Liebhardt leidet an einer unheilbaren Autoimmunkrankheit. Eine Lungen- und eine Nierentransplantation hat sie bereits hinter sich. Nach den Paralympics wird sie ihre Karriere beenden. Bei Rehm dagegen soll es nach Rio erst richtig losgehen. Der 28-Jährige ist längst über den Behindertensport hinausgewachsen. Er kämpft dafür, auch einmal bei großen Meisterschaften der Nicht-Behinderten mitzuspringen.

Professionell, ehrgeizig, zielstrebig

Unterschiedlicher können zwei Athleten kaum sein. Aber glaubt man Nerius, stehen beide für genau das, was die Paralympics in den vergangenen Jahren immer größer, leistungsstärker und attraktiver gemacht hat. „Beide sind sehr professionell, sehr ehrgeizig, sehr zielstrebig“, sagt sie. „Auch im Behindertensport ist mittlerweile bekannt: Man muss hart arbeiten, um Erfolg zu haben.“

Über Liebhardt erzählt sie die Geschichte, wie die 2014 zu ihr kam und entgegen der Prognose und der Warnung aller Ärzte Leistungssport betreiben wollte. „Bei Franzi bin auch ich zunächst so an die Arbeit herangegangen, dass ich bei jedem schweren Atmen dachte: Geht es dir gut? Ist alles okay?“, beschreibt Nerius. „Als sie zu mir kam, konnte sie eine 20-Kilogramm-Stange beim Bankdrücken vielleicht sieben Mal hochdrücken. Jetzt schafft sie eine Zehnerserie mit 75 Kilogramm.“

Bei Rehm die Mittlerin zwischen zwei Seiten

Bei Rehm geht ihre Aufgabe über die der Trainerin hinaus. Er ist der Star des Deutschen Behindertensportverbandes, würde aber auch gern für den Deutschen Leichtathletik-Verband starten. Nerius kennt beide Seiten. Das macht sie zur Mittlerin in einem komplizierten Fall.

2014 nahm Rehm zum ersten Mal an den Deutschen Meisterschaften der Nicht-Behinderten teil. Er gewann. Diesen Start hatte ihm auch seine Trainerin vermittelt. Erst danach führte der Weltverband IAAF eine Regel ein, nach der Athleten mit Handicap selbst den Nachweis erbringen müssen, dass ihnen eine Prothese keinen Vorteil verschafft.

Leistung nicht vergleichbar

Anders als Rehm meint Nerius nicht, dass behinderte Athleten zusammen mit nicht-behinderten Athleten starten sollten.

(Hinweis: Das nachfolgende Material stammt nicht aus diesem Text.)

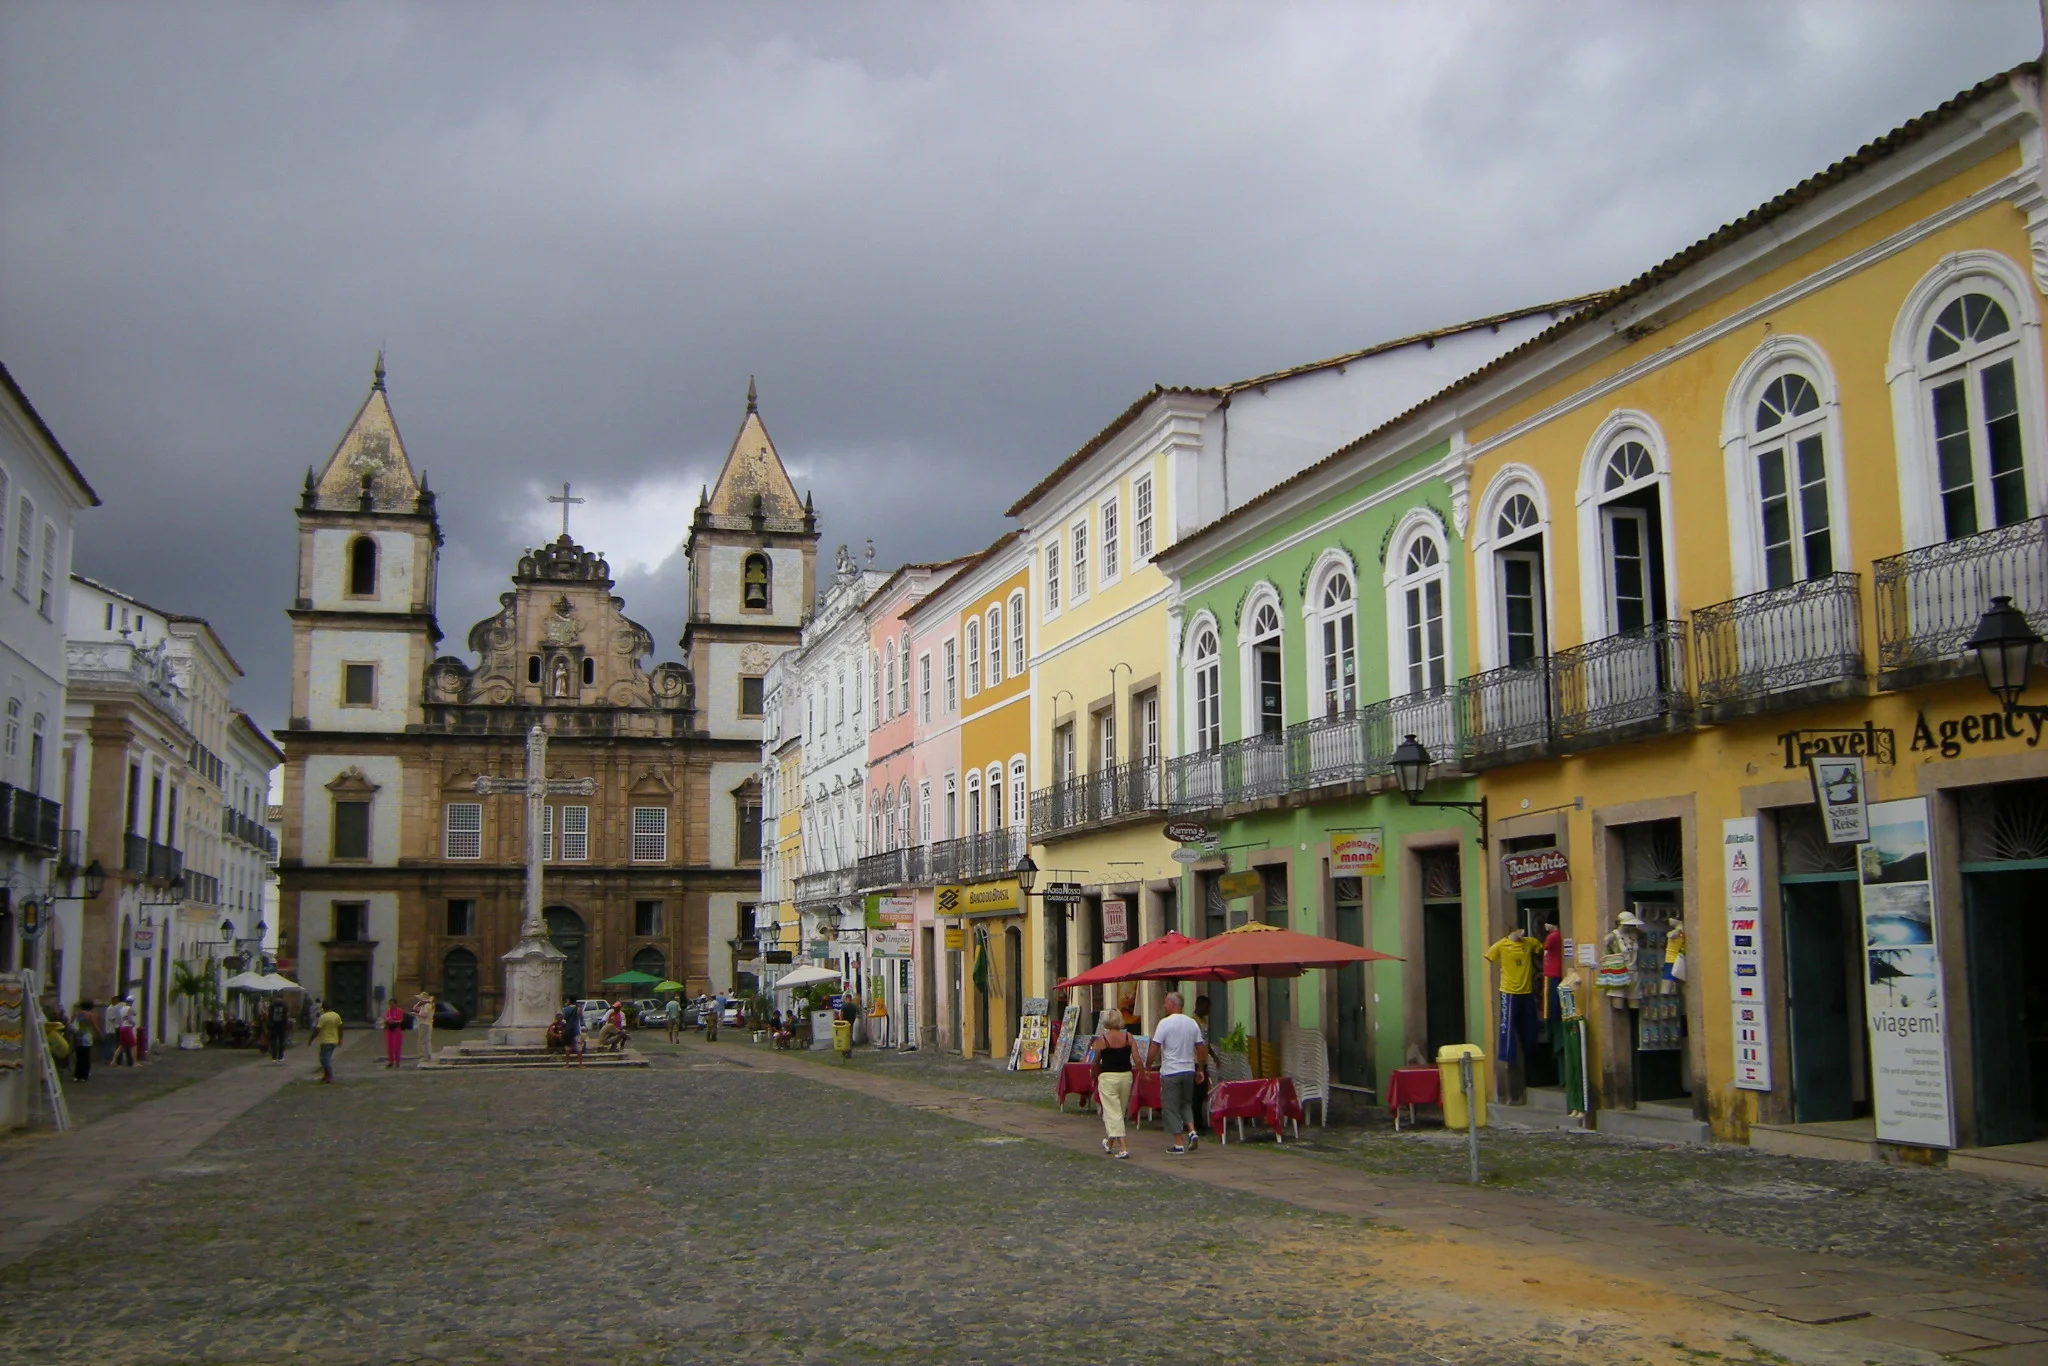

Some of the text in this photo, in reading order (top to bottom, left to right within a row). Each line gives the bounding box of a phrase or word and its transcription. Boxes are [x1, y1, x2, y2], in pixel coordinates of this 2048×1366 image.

[1777, 709, 2047, 769] Travel Agency
[1169, 826, 1198, 836] Ramma
[1832, 818, 1859, 831] Reise
[1725, 833, 1755, 845] Alitalia
[1507, 853, 1568, 877] Bahia Arte
[1731, 920, 1755, 931] TAM
[1872, 1011, 1941, 1038] viagem!

Sie sagt: Man könne beides nicht miteinander vergleichen. Gleichwohl unterstützt sie ihn in seinem Kampf, wenn auch nicht unter dem Schlagwort der Inklusion.

„Es wäre gut für ihn, regelmäßig gefordert zu werden“, sagt Nerius. „Denn jeder Leistungssportler weiß doch, dass man nur dann das Letzte aus sich herausholen kann, wenn auch eine gewisse Konkurrenz da ist. Das war meine Motivation, zum Deutschen Leichtathletik-Verband zu gehen und zu sagen: Ich habe hier einen tollen Springer.“

Um weiter mit Rehm zu arbeiten, nimmt die frühere Weltklasse-Athletin vieles auf sich. Bereits seit zwei Jahren arbeitet sie im Hauptberuf nicht mehr als Trainerin für Bayer Leverkusen, sondern als Leiterin des Nachwuchs-Internats. Das Training mit Rehm macht sie in ihrer Freizeit. Mit ihm noch einmal zu einer WM zu fahren, das wäre auch für Nerius ein Traum. Es wäre die Krönung ihrer zweiten Karriere.